Indonesia's interventions have been partly attributable to itself. In 1996, before Myanmar's ASEAN entry, the Nobel Peace Prize was awarded jointly to East Timorese politician Jose Ramos-Horta and Carlos Filipe Ximenes Belo, a Roman Catholic bishop, for their work towards independence for East Timor. Ramos-Horta subsequently served as the president and prime minister of East Timor.

Suharto feared that if the U.S. and Europe were allowed to intervene in Myanmar, they would turn their criticism toward Indonesia for repression in East Timor.

Indonesia was the ASEAN chair during the Thailand-Cambodia border conflict. Being an overwhelmingly Muslim nation, it is now closely watching the Rohingya situation.

But Retno's frequent media updates to domestic news outlets following the Myanmar coup appear to be staged. Joko "should be motivated enough to get actively involved in the Myanmar problem in a bid to eliminate an image that his administration is growing authoritarian," said Ken Miichi, professor at the Graduate School of Asia-Pacific Studies of Waseda University.

His administration has taken a hardline against opposition forces such as radical Muslims. The coup in Myanmar is a good opportunity for the president to fend off criticism that Indonesia is "backing down from democracy ... and returning to the Suharto era," according to Miichi.

But public reaction to the administration's stance is a different matter.
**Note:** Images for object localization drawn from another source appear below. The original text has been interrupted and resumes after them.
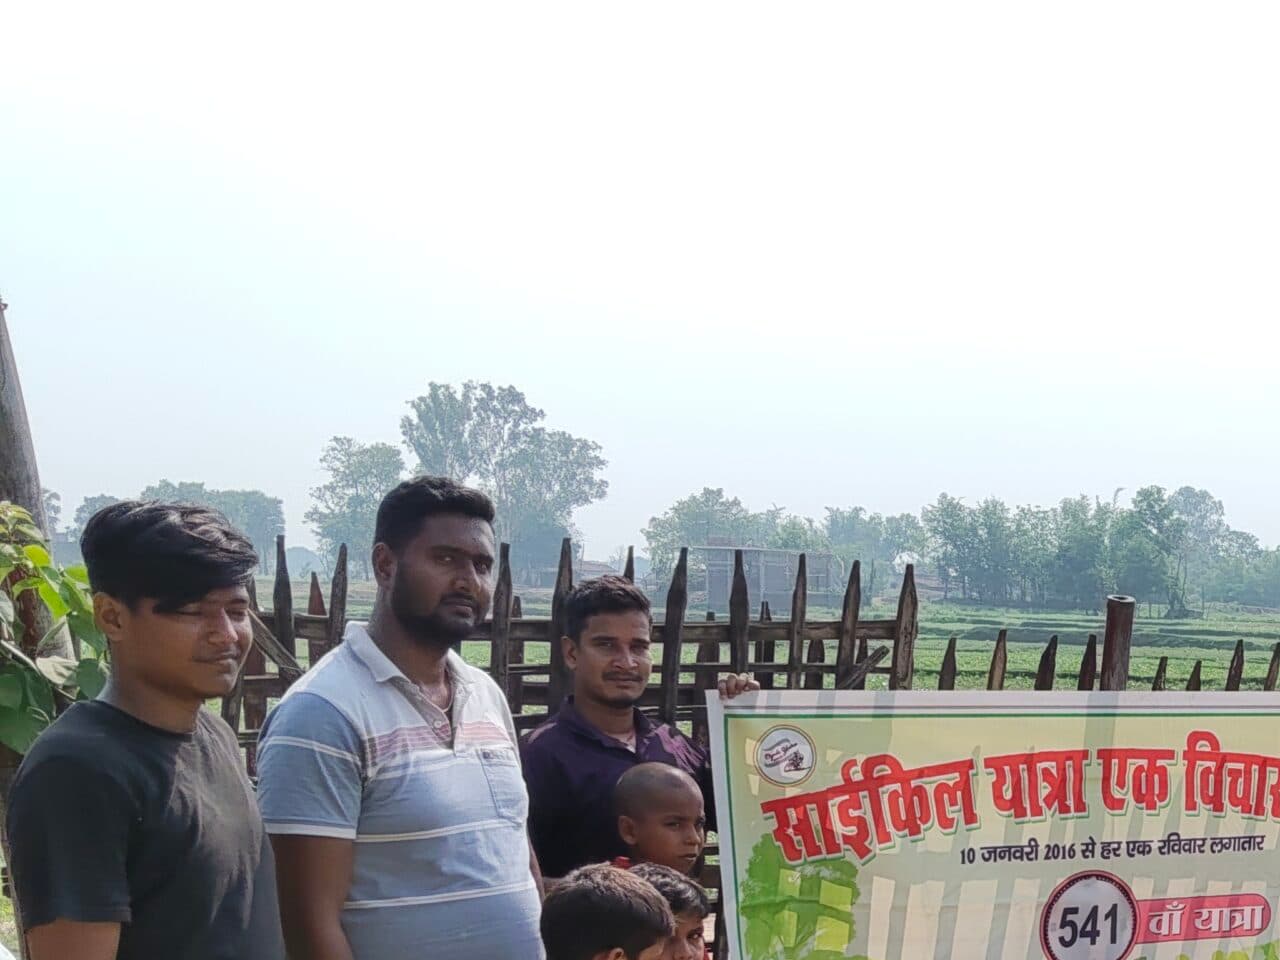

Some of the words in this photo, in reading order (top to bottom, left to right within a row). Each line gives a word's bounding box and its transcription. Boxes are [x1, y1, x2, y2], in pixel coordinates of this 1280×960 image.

[760, 753, 981, 864] साईकिल
[983, 748, 1090, 821] यात्रा
[1096, 747, 1176, 813] एक
[960, 847, 976, 865] 10
[980, 837, 1039, 863] जनवरी
[1043, 841, 1076, 861] 2016
[1080, 836, 1097, 859] से
[1100, 841, 1121, 860] हर
[1125, 840, 1152, 858] एक
[1157, 832, 1206, 856] रविवार
[1209, 835, 1266, 854] लगातार
[1057, 903, 1119, 948] 541
[1194, 905, 1266, 933] यात्रा
"For the Indonesian public, there is very little sympathy with Suu Kyi... Many in Indonesia believe that in order to stay in power, Suu Kyi allowed the Tatmadaw [Myanmar military] to persecute the Rohingya," said Rizal Sukma, senior research fellow of the Indonesian Center for Strategic and International Studies.

Joko has been forced into a corner in coping with the pandemic, said Bachitar Alam, representative of Indonesian think tank Asiaconsult Associates, adding that the biggest task for the president is to halt the spread of Covid-19 infections and revive the economy. Myanmar is not a high-priority issue for Joko, Alam said.

While Joko may want to use the Myanmar crisis to score political points, one misstep and he could face a major backlash.

The U.S., Europe, and Japan are trying to formulate strategies to protect their economic interests in Myanmar while keeping China at bay. Indonesian is in the same situation.

Joko, a furniture maker-turned politician, became president after serving in local governments. He once admitted that he is not good at diplomacy -- since assuming office in 2014, he has absented himself from the U.N. General Assembly held every September. He delivered his first speech to the body last year through a prerecorded video streamed online.

But the crisis in Myanmar is an ASEAN crisis. As a major power in the region, Joko needs to step up and assume the main role to promote cooperation and achieve a diplomatic breakthrough.